Classic Thunder Beginnings


In 1993 two Seattle 1/16th scale fast electric hydroplane enthusiasts, Pete Schille and Jon Zimmerman decided that they wanted to try something new: build large electric scale hydroplanes.

Like many other racers of the time, they were disenchanted with the direction that 1/16th scale racing had gone. Speed had more

importance than scale. Racing had turned into an "arms race" in which the deepest pockets had the best chance of winning. The technology was turning over quickly, and brushless motors and exotic batteries became expensive. Driving was not as much skill as it was putting on a large turn fin and rudder. To many in our club, it resembled slot car racing more than R.C. hydroplane racing.

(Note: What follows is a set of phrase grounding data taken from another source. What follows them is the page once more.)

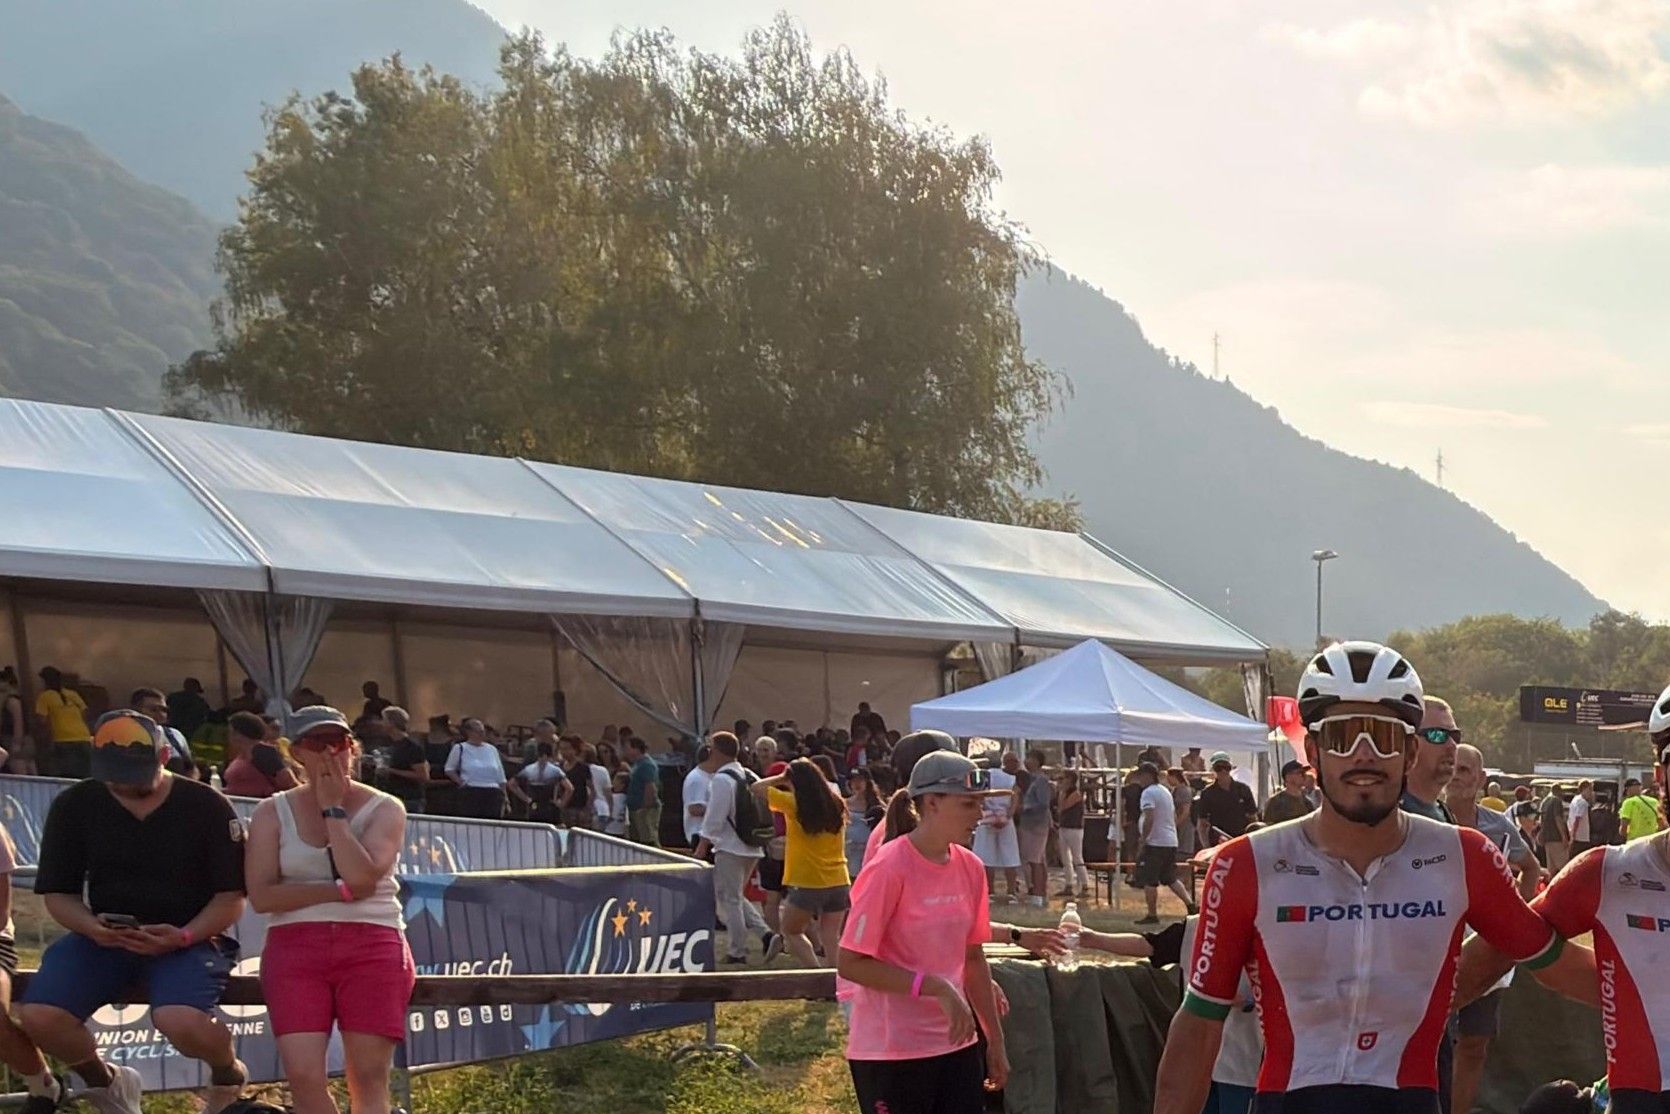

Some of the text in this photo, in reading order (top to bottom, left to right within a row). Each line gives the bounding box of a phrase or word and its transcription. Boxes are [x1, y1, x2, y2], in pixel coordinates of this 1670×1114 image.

[1192, 856, 1235, 988] PORTUGAL
[1308, 900, 1446, 922] PORTUGAL
[637, 929, 710, 974] UEC
[1602, 959, 1618, 1065] PORTUGAL
[96, 1028, 147, 1046] NION

A new club of model hydroplanes was formed in 1994. All boats were to be classic "round bow" designs from the 1950's, 1960's and 1970's. Later this was modified to include

pre-1970 pickle forked designs. There would be an emphasis on workmanship and scale authenticity. Unique features would include scale skid fins for realistic cornering and unlike other model boat classes; these hydroplanes would turn left just like the real things. Power plants and drivelines would be the same: an Astroflight 25 5-turn cobalt motor, 12 sub-c NiCad batteries (no larger than 2000mah,) and a solid prop shaft (no flex shafts here).

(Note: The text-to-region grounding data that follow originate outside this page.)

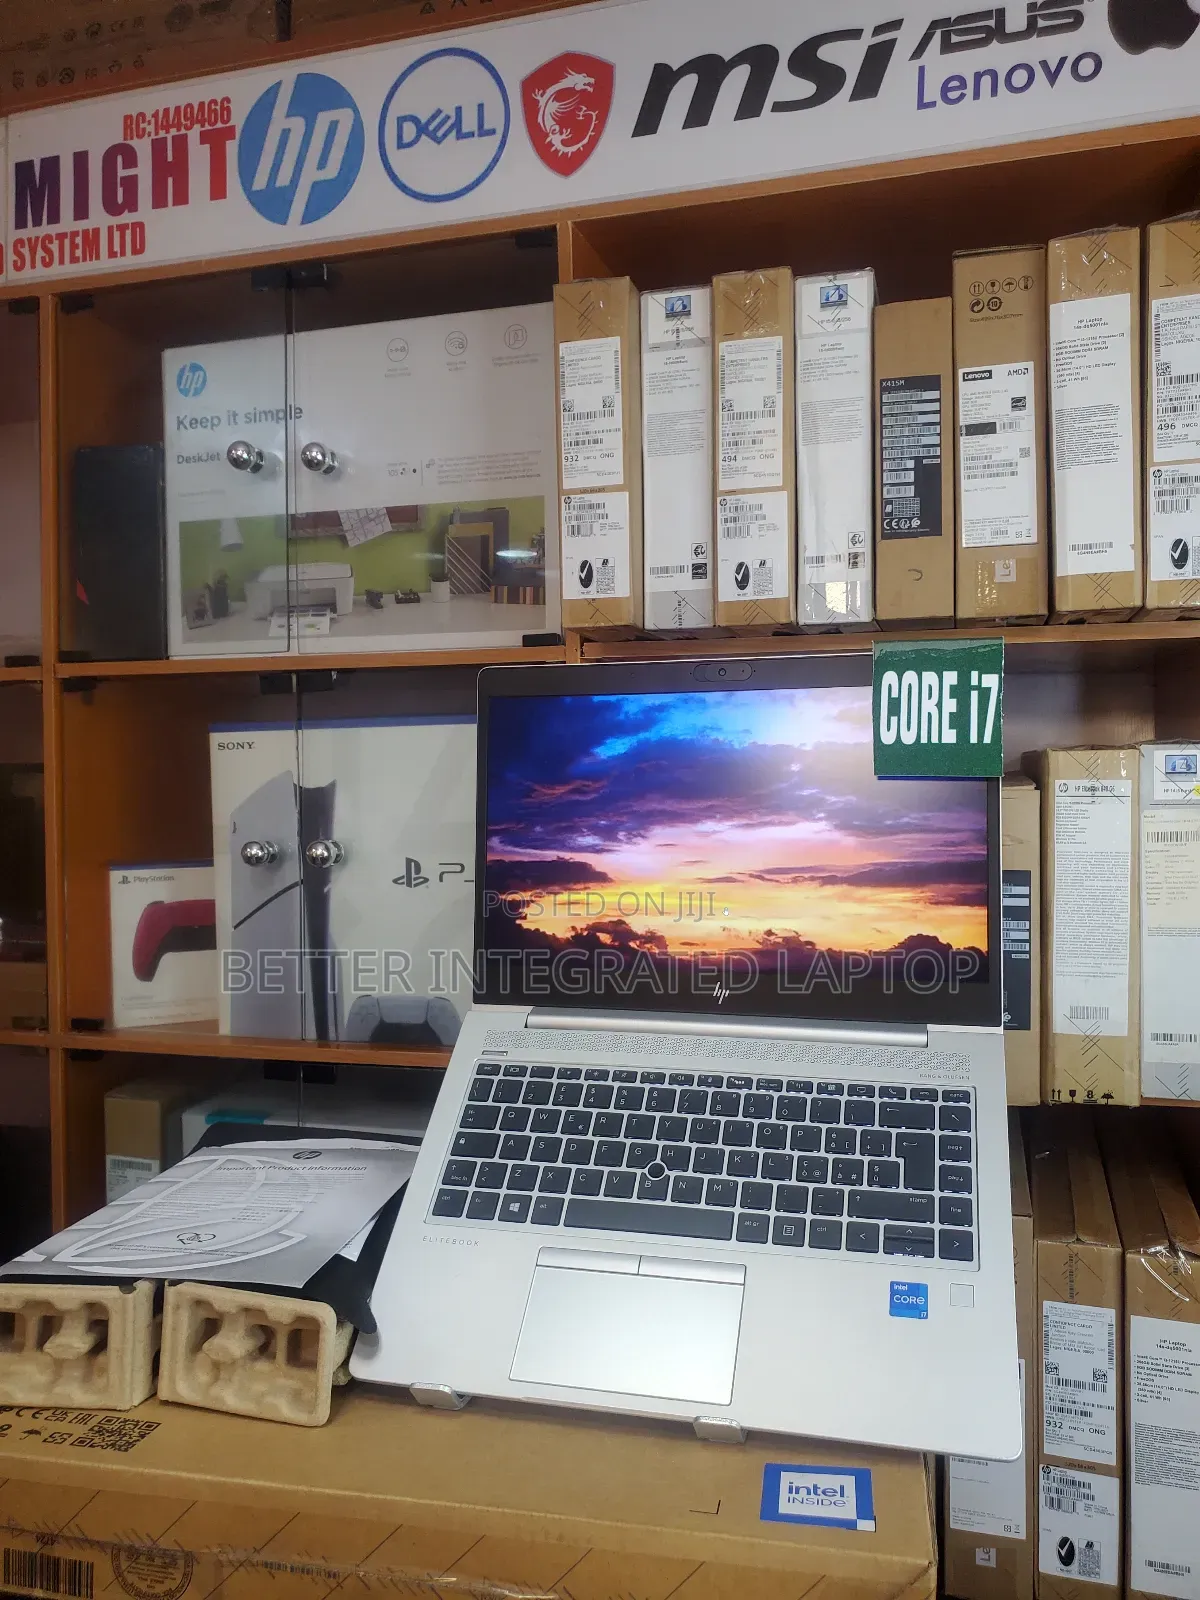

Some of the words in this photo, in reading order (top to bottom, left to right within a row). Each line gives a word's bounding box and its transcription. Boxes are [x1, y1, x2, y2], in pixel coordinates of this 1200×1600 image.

[909, 0, 1085, 61] ASUS
[631, 18, 903, 138] msi
[917, 51, 1103, 111] Lenovo
[122, 96, 232, 142] RC:1449466
[396, 102, 497, 151] DELL
[253, 73, 354, 226] hp
[15, 124, 236, 230] MIGHT
[13, 228, 101, 272] SYSTEM
[107, 221, 146, 259] LTD
[964, 372, 990, 380] Lenovo
[1007, 368, 1023, 376] AMD
[177, 362, 207, 397] hp
[882, 379, 905, 387] X415M
[176, 415, 222, 431] Keep
[227, 410, 239, 426] it
[244, 404, 304, 424] simple
[1157, 423, 1176, 431] 496
[177, 452, 221, 464] DeskJet
[563, 455, 579, 463] 932
[721, 455, 737, 463] 494
[880, 670, 958, 745] CORE
[969, 670, 999, 744] i7
[217, 741, 255, 750] SONY
[133, 874, 175, 884] PlayStation
[712, 982, 730, 1005] hp
[568, 1114, 575, 1122] E
[664, 1120, 672, 1128] Y
[507, 1139, 515, 1147] A
[569, 1143, 577, 1151] D
[635, 1147, 642, 1155] G
[700, 1152, 706, 1160] J
[734, 1155, 741, 1163] K
[768, 1158, 775, 1166] L
[514, 1169, 522, 1177] Z
[546, 1171, 554, 1179] X
[613, 1176, 619, 1184] V
[645, 1180, 652, 1188] B
[678, 1181, 686, 1189] N
[713, 1184, 722, 1192] M
[423, 1235, 480, 1247] ELITEBOOK
[893, 1283, 908, 1291] intel
[1169, 1340, 1187, 1348] Laptop
[1045, 1419, 1064, 1430] 932
[1088, 1427, 1106, 1436] ONG
[788, 1481, 845, 1498] intel

Yes there are faster boats out there,but the point of this class is to keep a level playing field. Our club members have invested in .25 Astroflight technology and 2000 mah batteries (changed to 2400 for 2002). R.C. hydroplane

racing is an expensive hobby and we do not want to drive any of our faithful or new members with the thought of having to "buy up" to remain competitive. Their performance is stunning for their great size (approximately 36" long). In the spring of 2001 our boats were captured with a radar gun in the 38 MPH range. Racing has been well matched with multiple race winners each season and over the past 10 years the club has grown to over 20 members. Brushless motors and high tech batteries could get our boats really moving, but the financial investment is the limit.

2001 marked some changes in Classic Thunder. The "round bow" boats would constitute Division I and a new classification of boats was instituted: Division II or boats from the 70's and later. While Division I rules would remain unchanged, Division II boats

could use up to 14 cells and any single power plant. Flex shafts are allowed in this class. These two classes race separately, but the other specifications are similar: scale skid fins, left hand turning, craftsmanship, and attention to scale.